In other words, the election has changed nothing. Albanese is continuing with precisely the same program as former Liberal-National Prime Minister Scott Morrison, whose election defeat came in no small part because he was widely hated for his callous and inadequate response to bushfires, floods and the COVID-19 pandemic.

More substantial flood recovery grants, while officially budgeted for, are subject to an onerous and lengthy application process. More than three months after floods devastated the northern NSW town of Lismore in March, less than a third of recovery grant applications had been approved, while thousands had not even been processed.

The complete abdication of responsibility for human lives by the state and federal governments was sharply expressed in the Lismore floods. After the effort to rescue people—including some who were trapped in roof cavities and on their rooftops for hours—was almost entirely coordinated by local residents, the community waited days for any official assistance, as food and fresh water supplies dwindled.

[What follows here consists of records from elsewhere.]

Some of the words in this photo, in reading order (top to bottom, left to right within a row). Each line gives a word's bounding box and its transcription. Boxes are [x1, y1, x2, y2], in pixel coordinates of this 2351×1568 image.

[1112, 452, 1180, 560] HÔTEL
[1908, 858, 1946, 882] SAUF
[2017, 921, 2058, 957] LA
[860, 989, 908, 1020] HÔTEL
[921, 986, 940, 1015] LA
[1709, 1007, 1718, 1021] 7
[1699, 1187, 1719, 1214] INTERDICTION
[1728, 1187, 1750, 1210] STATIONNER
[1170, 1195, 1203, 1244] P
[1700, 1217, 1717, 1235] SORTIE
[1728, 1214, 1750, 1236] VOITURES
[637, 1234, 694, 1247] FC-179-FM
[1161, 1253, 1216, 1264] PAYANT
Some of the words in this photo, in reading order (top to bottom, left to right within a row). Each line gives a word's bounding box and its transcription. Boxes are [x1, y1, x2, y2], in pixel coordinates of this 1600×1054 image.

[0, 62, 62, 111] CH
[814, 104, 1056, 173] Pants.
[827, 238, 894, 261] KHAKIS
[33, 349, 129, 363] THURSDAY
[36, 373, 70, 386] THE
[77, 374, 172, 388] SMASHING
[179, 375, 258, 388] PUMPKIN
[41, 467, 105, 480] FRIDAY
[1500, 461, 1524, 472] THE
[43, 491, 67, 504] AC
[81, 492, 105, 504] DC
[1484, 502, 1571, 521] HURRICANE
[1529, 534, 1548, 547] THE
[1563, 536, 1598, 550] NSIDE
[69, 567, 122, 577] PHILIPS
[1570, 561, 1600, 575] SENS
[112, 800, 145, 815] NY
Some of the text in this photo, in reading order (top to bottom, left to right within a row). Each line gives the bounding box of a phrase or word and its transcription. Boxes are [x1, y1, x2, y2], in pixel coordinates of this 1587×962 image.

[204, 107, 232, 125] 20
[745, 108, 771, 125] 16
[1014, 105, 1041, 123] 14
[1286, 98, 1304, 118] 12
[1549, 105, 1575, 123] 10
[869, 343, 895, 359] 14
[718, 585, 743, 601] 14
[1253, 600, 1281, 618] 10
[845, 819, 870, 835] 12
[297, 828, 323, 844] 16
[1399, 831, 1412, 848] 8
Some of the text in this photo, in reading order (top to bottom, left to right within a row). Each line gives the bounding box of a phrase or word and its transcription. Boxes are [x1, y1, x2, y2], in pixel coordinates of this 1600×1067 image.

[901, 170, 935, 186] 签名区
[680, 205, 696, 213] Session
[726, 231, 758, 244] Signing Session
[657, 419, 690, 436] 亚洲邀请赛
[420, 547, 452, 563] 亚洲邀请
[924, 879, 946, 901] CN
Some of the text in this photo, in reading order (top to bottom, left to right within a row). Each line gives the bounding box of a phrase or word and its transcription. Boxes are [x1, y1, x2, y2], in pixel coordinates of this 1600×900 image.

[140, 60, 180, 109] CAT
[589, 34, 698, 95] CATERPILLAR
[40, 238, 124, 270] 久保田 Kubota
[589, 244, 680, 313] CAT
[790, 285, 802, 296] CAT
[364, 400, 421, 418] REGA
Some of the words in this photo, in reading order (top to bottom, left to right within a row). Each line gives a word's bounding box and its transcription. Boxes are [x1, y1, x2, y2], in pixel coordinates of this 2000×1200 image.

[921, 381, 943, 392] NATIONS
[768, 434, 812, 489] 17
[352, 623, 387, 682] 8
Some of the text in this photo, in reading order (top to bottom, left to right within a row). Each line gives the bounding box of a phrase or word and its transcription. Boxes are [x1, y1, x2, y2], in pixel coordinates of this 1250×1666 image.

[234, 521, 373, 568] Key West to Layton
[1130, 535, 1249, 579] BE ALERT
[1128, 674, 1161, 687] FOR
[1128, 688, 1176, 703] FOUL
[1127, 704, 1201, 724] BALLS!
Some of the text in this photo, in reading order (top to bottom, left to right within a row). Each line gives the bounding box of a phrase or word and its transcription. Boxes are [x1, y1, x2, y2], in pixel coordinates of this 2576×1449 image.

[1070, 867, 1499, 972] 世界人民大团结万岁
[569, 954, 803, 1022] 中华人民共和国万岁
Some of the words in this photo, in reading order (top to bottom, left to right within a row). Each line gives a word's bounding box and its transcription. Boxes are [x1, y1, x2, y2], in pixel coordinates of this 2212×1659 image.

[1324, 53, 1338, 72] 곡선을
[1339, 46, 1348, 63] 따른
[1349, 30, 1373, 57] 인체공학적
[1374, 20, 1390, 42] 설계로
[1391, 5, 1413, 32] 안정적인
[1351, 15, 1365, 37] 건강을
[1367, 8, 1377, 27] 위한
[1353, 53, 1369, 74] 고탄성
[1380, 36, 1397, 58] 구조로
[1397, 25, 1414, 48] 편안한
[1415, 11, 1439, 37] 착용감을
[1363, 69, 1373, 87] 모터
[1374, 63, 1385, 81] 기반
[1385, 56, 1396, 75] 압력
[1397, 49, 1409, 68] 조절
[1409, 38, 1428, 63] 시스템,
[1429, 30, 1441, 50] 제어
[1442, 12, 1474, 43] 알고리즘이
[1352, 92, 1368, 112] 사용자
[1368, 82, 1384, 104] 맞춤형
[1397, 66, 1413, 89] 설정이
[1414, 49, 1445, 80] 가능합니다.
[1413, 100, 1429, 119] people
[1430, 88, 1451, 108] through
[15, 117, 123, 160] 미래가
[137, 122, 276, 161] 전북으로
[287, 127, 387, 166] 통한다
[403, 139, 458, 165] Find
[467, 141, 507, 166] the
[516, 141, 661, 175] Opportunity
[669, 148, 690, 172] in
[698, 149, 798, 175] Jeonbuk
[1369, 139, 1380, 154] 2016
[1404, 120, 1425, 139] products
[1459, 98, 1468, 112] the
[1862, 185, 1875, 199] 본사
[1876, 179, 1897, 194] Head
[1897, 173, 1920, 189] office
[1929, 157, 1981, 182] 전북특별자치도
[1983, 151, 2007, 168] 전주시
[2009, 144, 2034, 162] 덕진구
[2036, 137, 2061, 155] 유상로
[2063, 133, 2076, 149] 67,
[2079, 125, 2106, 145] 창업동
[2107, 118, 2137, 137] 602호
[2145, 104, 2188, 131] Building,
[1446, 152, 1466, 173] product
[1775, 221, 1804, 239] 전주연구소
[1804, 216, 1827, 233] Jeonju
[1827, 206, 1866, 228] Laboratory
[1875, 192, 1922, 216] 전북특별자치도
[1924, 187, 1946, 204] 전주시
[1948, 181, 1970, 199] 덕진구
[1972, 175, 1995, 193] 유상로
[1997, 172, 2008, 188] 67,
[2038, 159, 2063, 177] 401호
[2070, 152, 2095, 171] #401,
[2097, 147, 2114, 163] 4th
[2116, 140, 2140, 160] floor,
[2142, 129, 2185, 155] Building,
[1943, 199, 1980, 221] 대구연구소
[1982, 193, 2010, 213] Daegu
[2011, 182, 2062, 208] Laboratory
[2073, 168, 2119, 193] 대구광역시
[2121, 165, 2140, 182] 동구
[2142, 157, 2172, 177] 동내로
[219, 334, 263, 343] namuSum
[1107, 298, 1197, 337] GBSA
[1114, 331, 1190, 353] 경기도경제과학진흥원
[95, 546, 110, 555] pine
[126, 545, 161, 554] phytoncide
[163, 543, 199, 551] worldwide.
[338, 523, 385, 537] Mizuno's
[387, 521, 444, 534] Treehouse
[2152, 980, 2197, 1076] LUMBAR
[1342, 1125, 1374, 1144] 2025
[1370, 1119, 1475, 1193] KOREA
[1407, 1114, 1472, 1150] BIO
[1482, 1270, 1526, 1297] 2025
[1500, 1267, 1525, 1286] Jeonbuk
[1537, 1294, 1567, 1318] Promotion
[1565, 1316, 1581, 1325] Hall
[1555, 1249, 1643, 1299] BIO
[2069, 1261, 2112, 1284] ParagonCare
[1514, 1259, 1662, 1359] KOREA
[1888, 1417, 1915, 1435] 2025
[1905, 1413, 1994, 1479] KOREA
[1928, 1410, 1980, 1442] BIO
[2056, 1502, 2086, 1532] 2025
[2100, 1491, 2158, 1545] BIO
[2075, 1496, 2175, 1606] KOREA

NSW Premier Dominic Perrottet last week endorsed this program of leaving emergency responses up to local communities, calling for the “wonderful and beautiful” individuals who risked their lives to save their neighbours to play an even more central role in future disasters.

This parallels the mantra of “individual responsibility” that has been used as the pretext for the “let it rip” COVID-19 policies embraced by all Australian governments, Labor and Liberal-National alike. The homicidal approach, demanded by big business, has already resulted in more than 8 million infections and 10,000 deaths in Australia, figures that continue to climb rapidly even as the few remaining public health measures are scrapped.

This disregard for health and lives is mirrored in every country in the world, except China, as capitalist governments demonstrate every day that they consider no amount of illness and death too high a price for the furthering of corporate profits.

The stark contrast between this attitude and the heroic rescue efforts by self-organised groups of workers illustrates the incompatibility of capitalism with a society that is planned rationally and democratically to protect health and lives and meet social need.

The Socialist Equality Party calls for the formation of rank-and-file neighbourhood and workplace committees as the beginning of a political fight for a workers’ government to implement these socialist measures.